──────── Given records ────────

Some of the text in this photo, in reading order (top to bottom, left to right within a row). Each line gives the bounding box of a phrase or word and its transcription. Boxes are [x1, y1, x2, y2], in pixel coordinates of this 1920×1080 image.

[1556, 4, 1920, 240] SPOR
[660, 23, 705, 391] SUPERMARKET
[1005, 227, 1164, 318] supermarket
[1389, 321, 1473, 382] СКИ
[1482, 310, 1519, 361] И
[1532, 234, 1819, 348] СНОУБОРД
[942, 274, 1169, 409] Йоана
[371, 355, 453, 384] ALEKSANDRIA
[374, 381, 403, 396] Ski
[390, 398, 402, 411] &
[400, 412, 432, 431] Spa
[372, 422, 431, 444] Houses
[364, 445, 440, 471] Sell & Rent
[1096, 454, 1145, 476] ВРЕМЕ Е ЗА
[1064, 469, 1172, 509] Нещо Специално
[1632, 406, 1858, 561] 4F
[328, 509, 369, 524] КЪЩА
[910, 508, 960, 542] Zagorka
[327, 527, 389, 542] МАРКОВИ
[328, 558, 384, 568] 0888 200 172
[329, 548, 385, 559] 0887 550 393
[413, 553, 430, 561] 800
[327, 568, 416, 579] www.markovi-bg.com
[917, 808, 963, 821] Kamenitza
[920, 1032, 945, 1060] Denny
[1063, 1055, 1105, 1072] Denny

────────

Task to carry out –
A full, exact copy of the entries is the required answer.

Result below –
Some of the text in this photo, in reading order (top to bottom, left to right within a row). Each line gives the bounding box of a phrase or word and its transcription. Boxes are [x1, y1, x2, y2], in pixel coordinates of this 1920×1080 image.

[1556, 4, 1920, 240] SPOR
[660, 23, 705, 391] SUPERMARKET
[1005, 227, 1164, 318] supermarket
[1389, 321, 1473, 382] СКИ
[1482, 310, 1519, 361] И
[1532, 234, 1819, 348] СНОУБОРД
[942, 274, 1169, 409] Йоана
[371, 355, 453, 384] ALEKSANDRIA
[374, 381, 403, 396] Ski
[390, 398, 402, 411] &
[400, 412, 432, 431] Spa
[372, 422, 431, 444] Houses
[364, 445, 440, 471] Sell & Rent
[1096, 454, 1145, 476] ВРЕМЕ Е ЗА
[1064, 469, 1172, 509] Нещо Специално
[1632, 406, 1858, 561] 4F
[328, 509, 369, 524] КЪЩА
[910, 508, 960, 542] Zagorka
[327, 527, 389, 542] МАРКОВИ
[328, 558, 384, 568] 0888 200 172
[329, 548, 385, 559] 0887 550 393
[413, 553, 430, 561] 800
[327, 568, 416, 579] www.markovi-bg.com
[917, 808, 963, 821] Kamenitza
[920, 1032, 945, 1060] Denny
[1063, 1055, 1105, 1072] Denny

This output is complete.